**Task to carry out**. An exact reproduction of the records is required, with all pictures omitted.

**Data section**.
= = =

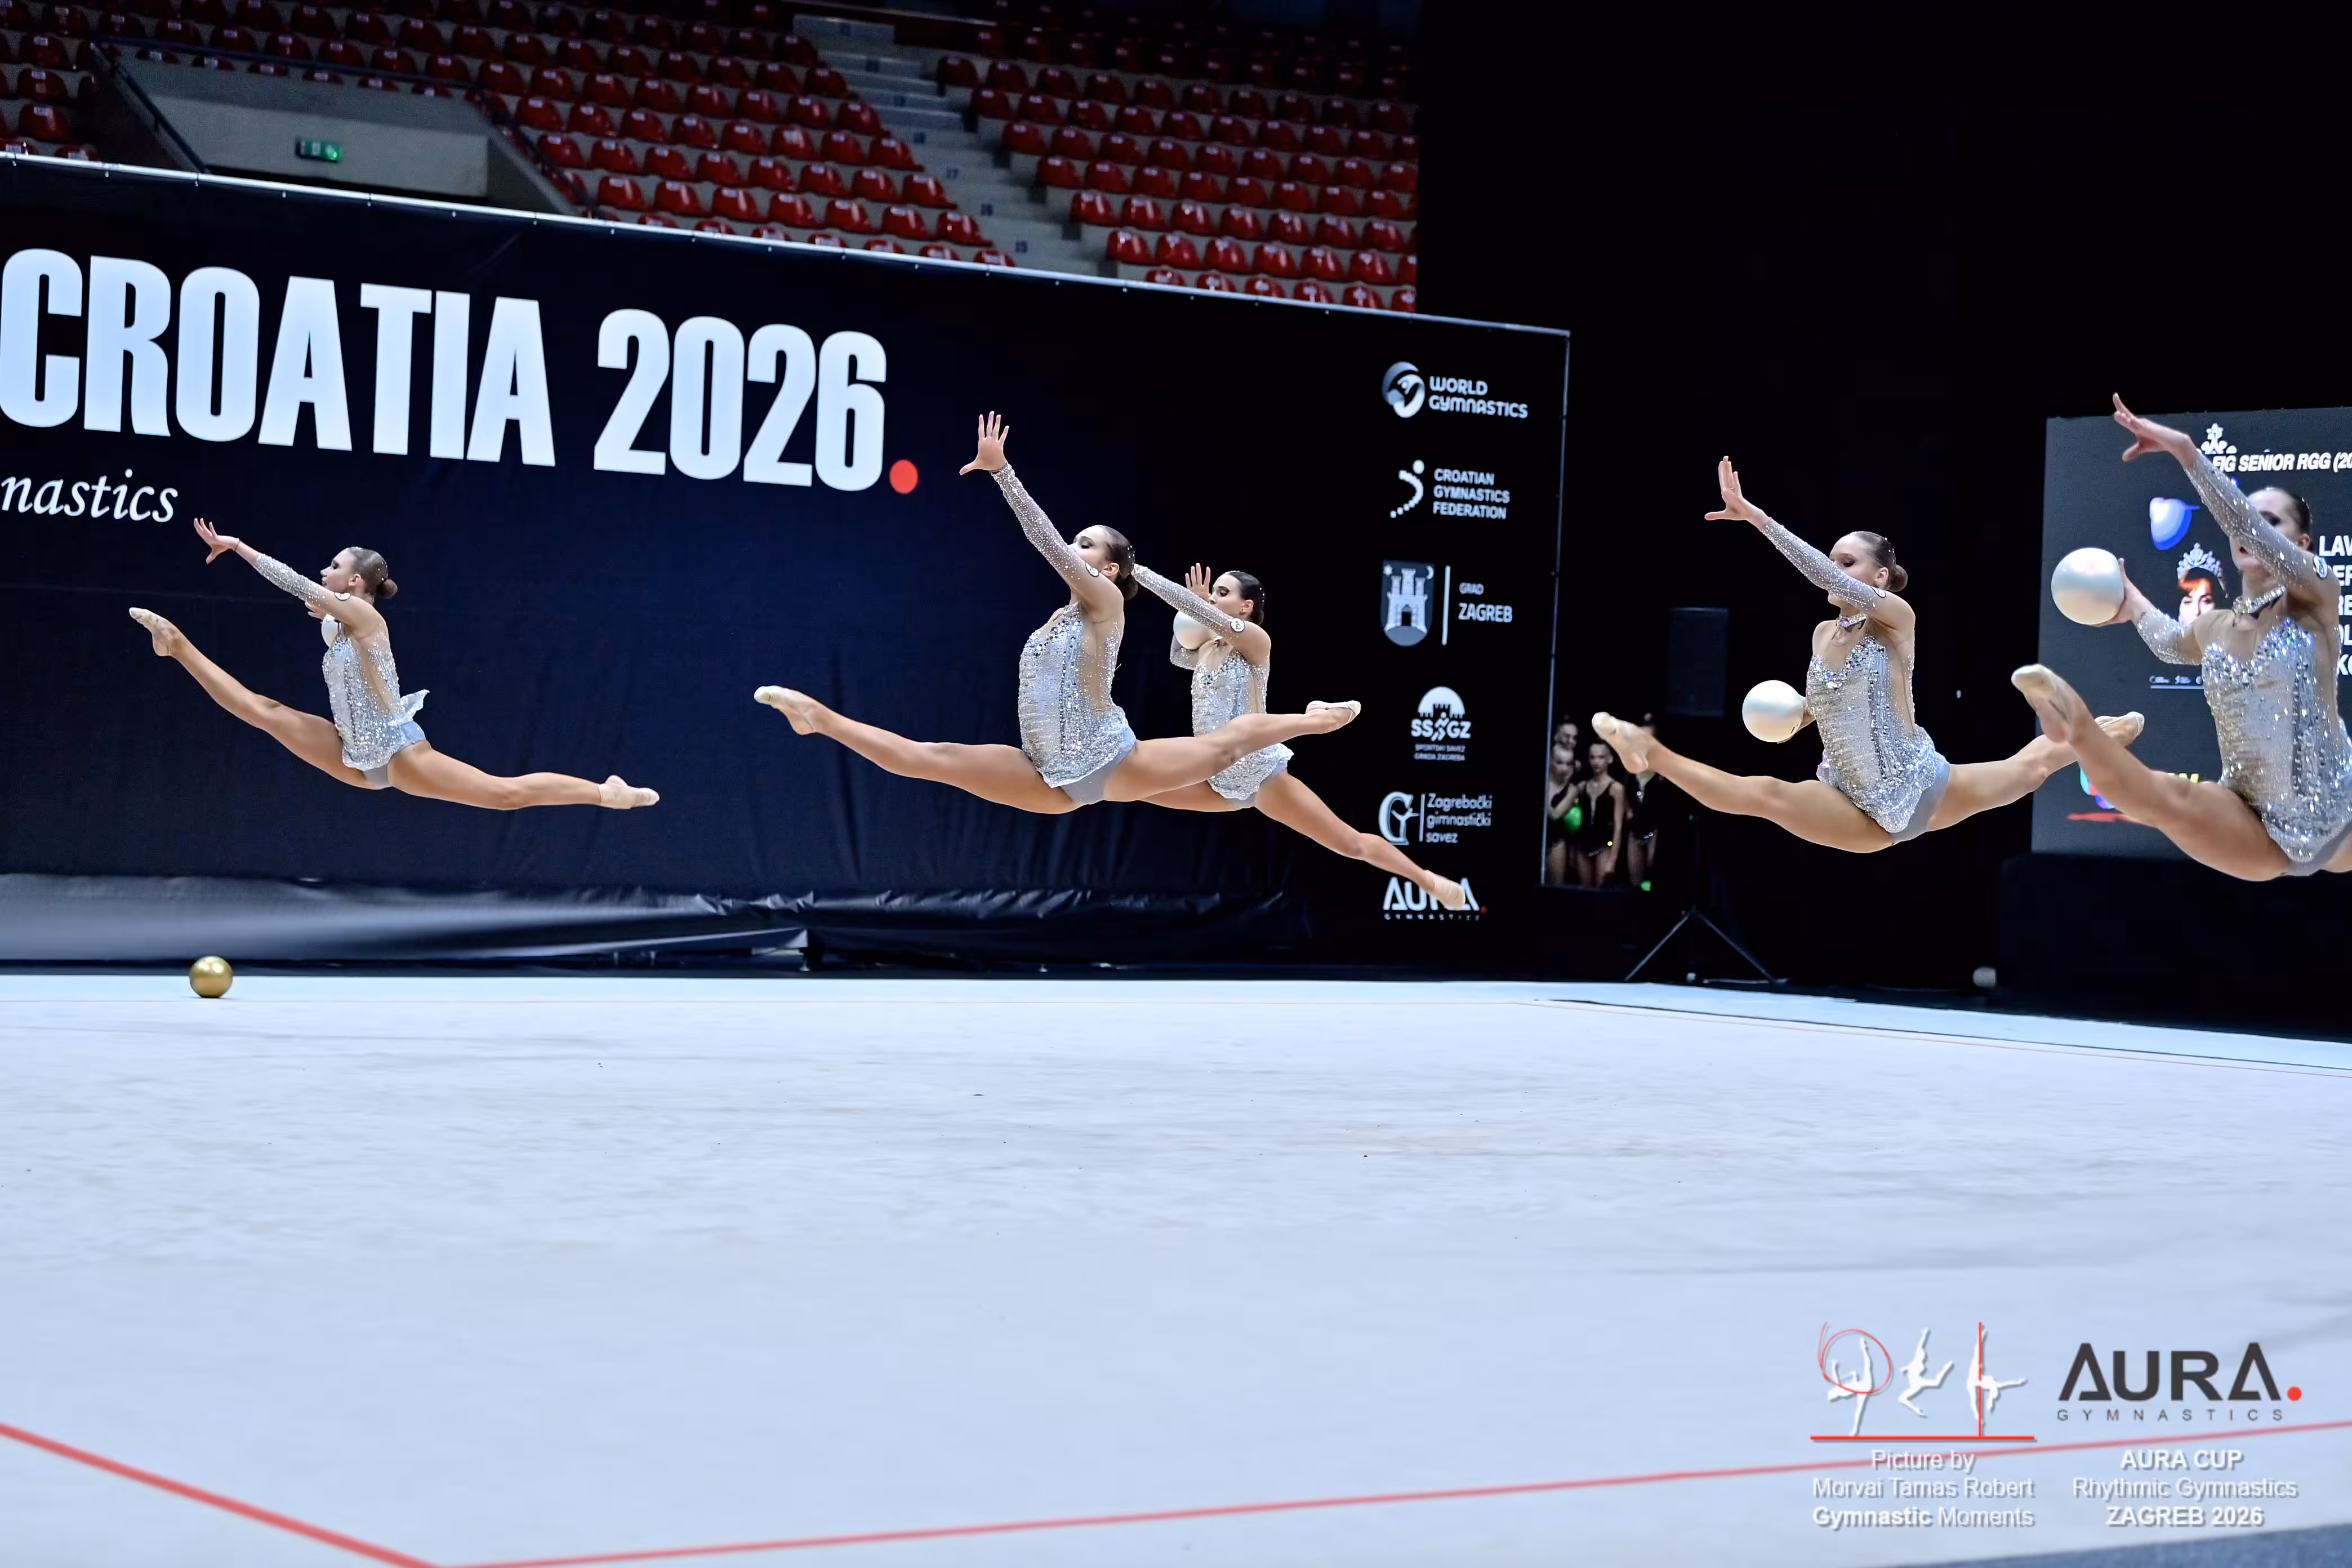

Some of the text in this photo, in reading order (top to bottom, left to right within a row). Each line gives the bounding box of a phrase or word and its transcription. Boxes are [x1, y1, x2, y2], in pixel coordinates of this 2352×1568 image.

[0, 248, 555, 466] CROATIA
[1429, 376, 1488, 395] WORLD
[1428, 395, 1528, 418] GYMNASTICS
[2238, 453, 2295, 471] SENIOR
[2297, 452, 2331, 470] RGG
[1434, 468, 1495, 485] CROATIAN
[1, 469, 178, 523] nastics
[1433, 485, 1510, 504] GYMNASTICS
[1433, 501, 1507, 519] FEDERATION
[1459, 582, 1484, 595] GRAD
[1458, 603, 1513, 623] ZAGREB
[1426, 832, 1458, 843] savez
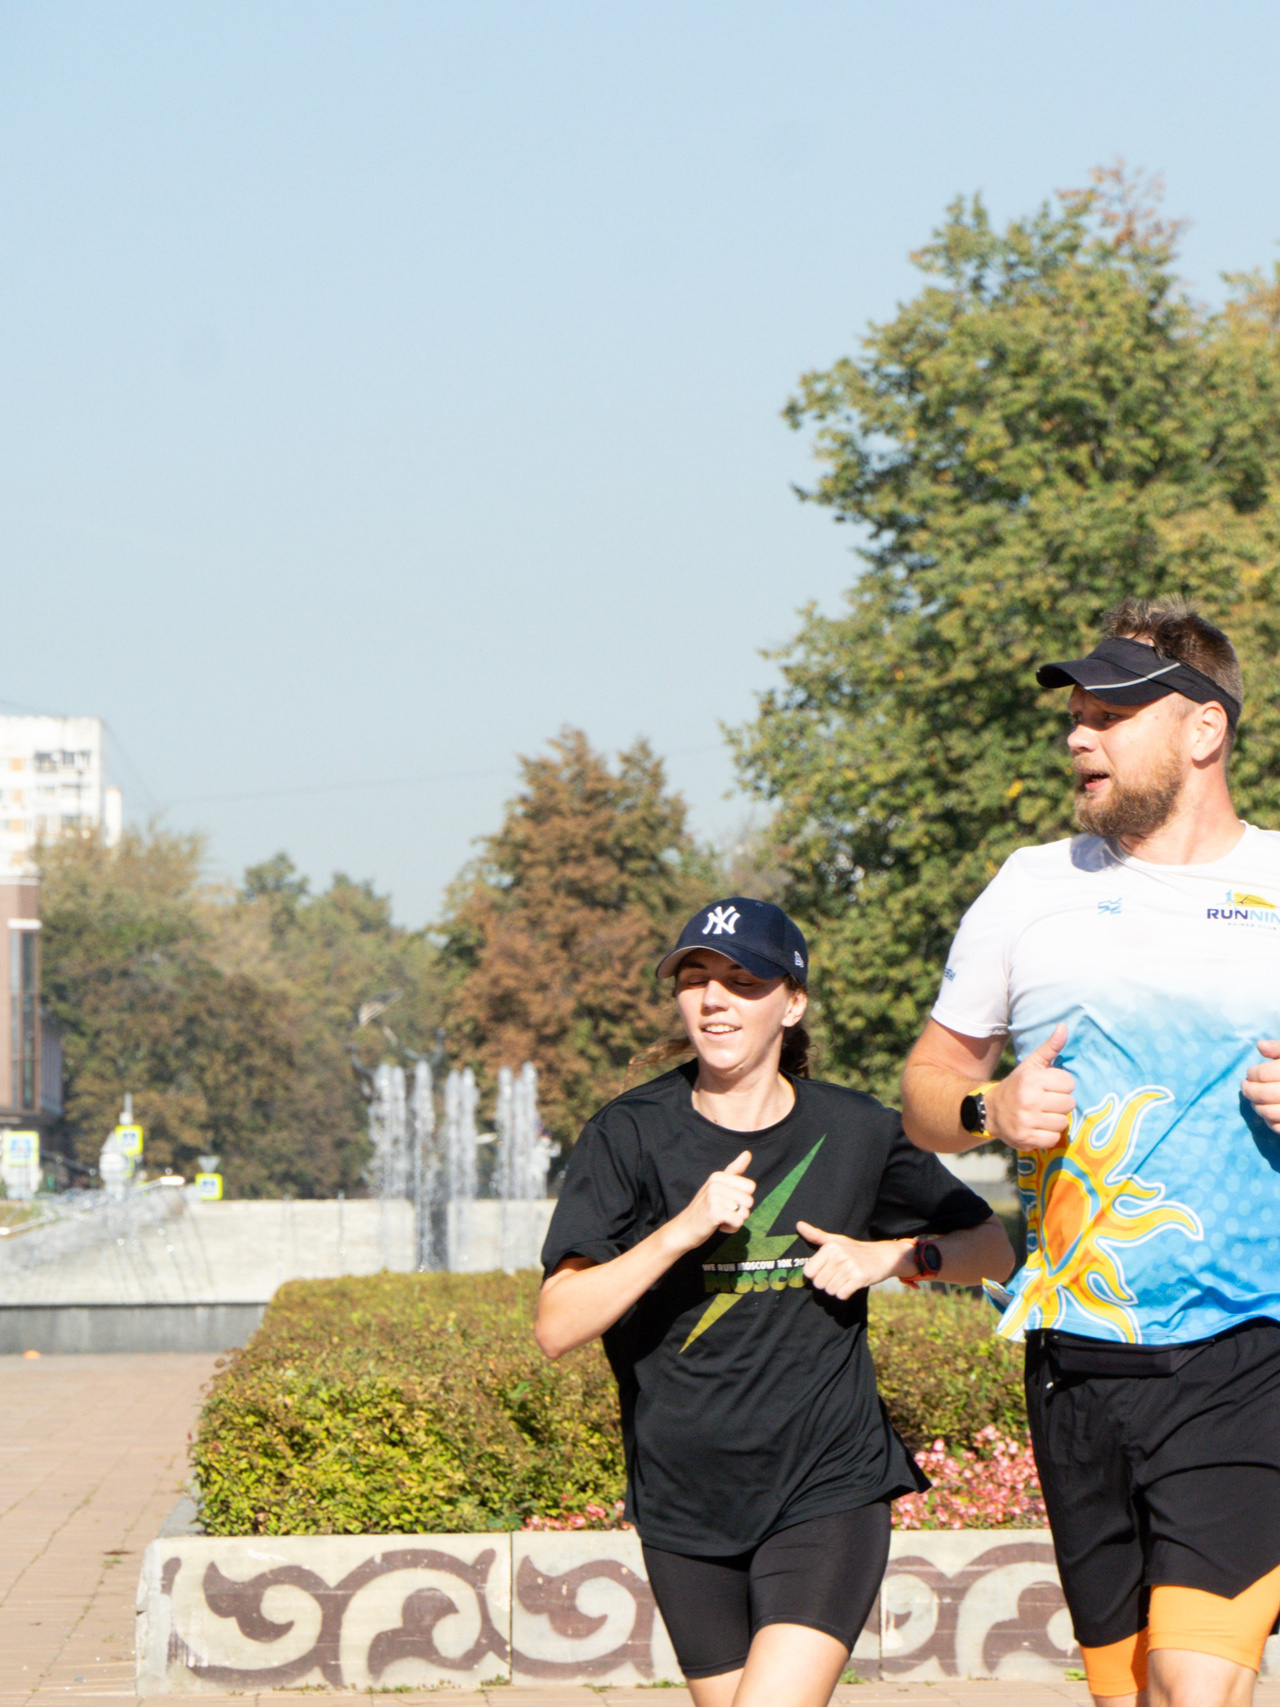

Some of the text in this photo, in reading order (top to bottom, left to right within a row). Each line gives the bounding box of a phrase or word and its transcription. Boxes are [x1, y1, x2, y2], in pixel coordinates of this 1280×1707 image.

[702, 1263, 717, 1272] WE
[717, 1262, 736, 1272] RUN
[737, 1260, 776, 1272] MOSCOW
[777, 1258, 794, 1269] 10K
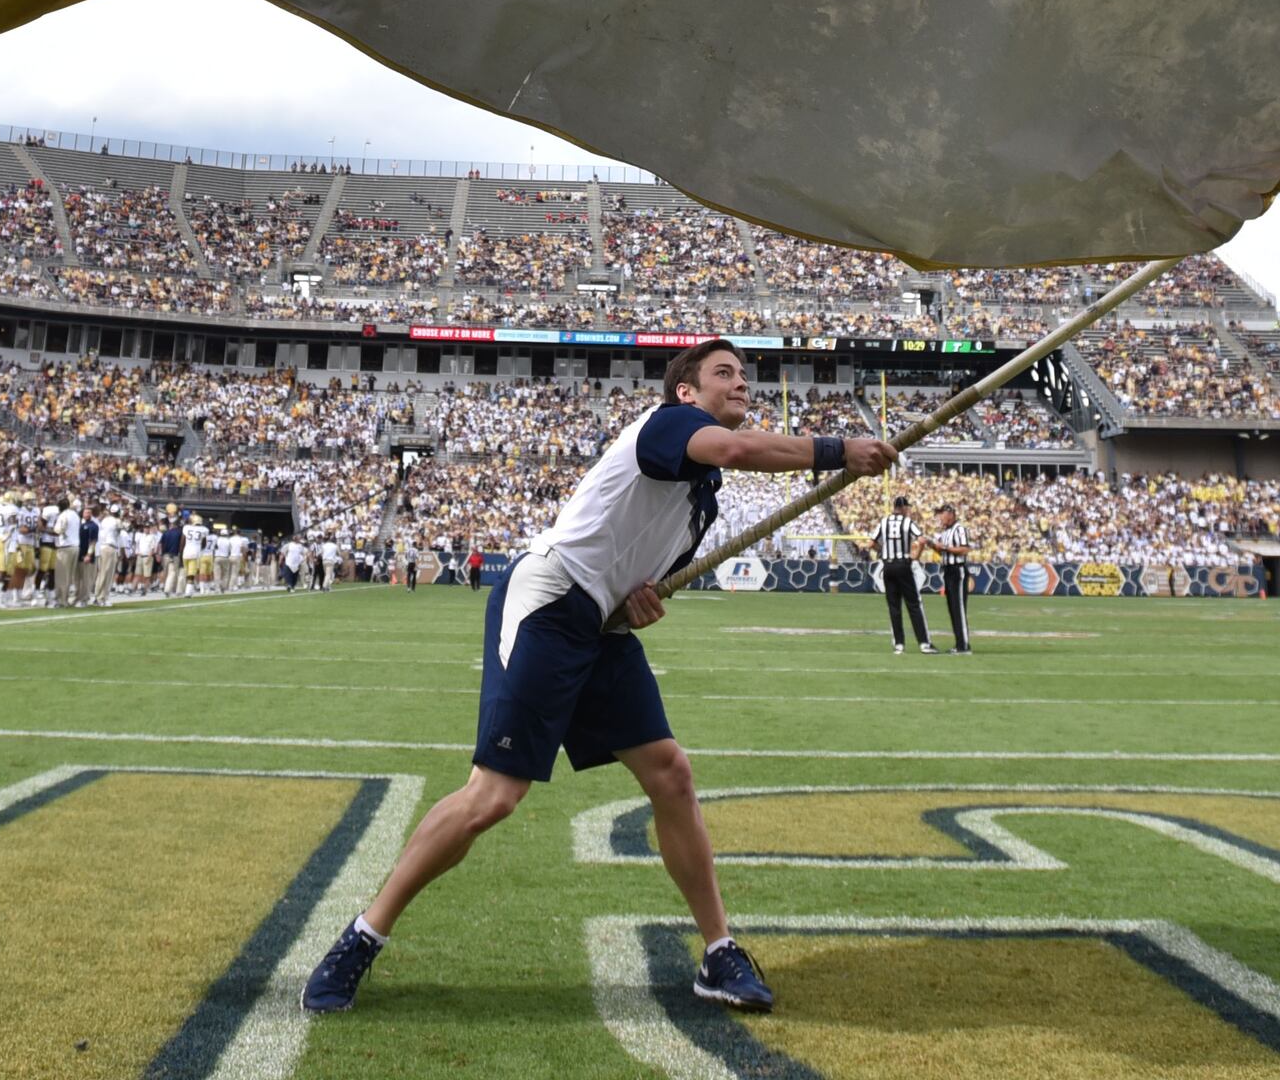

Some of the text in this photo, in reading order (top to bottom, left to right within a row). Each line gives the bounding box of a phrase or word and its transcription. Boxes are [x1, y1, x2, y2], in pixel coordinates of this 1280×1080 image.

= = =

**Exercise solution**.
Some of the text in this photo, in reading order (top to bottom, left to right within a row). Each line gives the bounding box of a phrase or word and its transcription. Boxes are [x1, y1, x2, y2], in pixel coordinates of this 2352×1568 image.

[0, 248, 555, 466] CROATIA
[1429, 376, 1488, 395] WORLD
[1428, 395, 1528, 418] GYMNASTICS
[2238, 453, 2295, 471] SENIOR
[2297, 452, 2331, 470] RGG
[1434, 468, 1495, 485] CROATIAN
[1, 469, 178, 523] nastics
[1433, 485, 1510, 504] GYMNASTICS
[1433, 501, 1507, 519] FEDERATION
[1459, 582, 1484, 595] GRAD
[1458, 603, 1513, 623] ZAGREB
[1426, 832, 1458, 843] savez

Some of the text in this photo, in reading order (top to bottom, left to right within a row). Each line gives the bounding box of a phrase or word and its transcription. Boxes are [x1, y1, x2, y2], in pixel coordinates of this 1280×1707 image.

[702, 1263, 717, 1272] WE
[717, 1262, 736, 1272] RUN
[737, 1260, 776, 1272] MOSCOW
[777, 1258, 794, 1269] 10K

Some of the text in this photo, in reading order (top to bottom, left to right within a row). Each line gives the bounding box of a phrase or word and its transcription. Boxes are [x1, y1, x2, y2], in pixel coordinates of this 1280×1080 image.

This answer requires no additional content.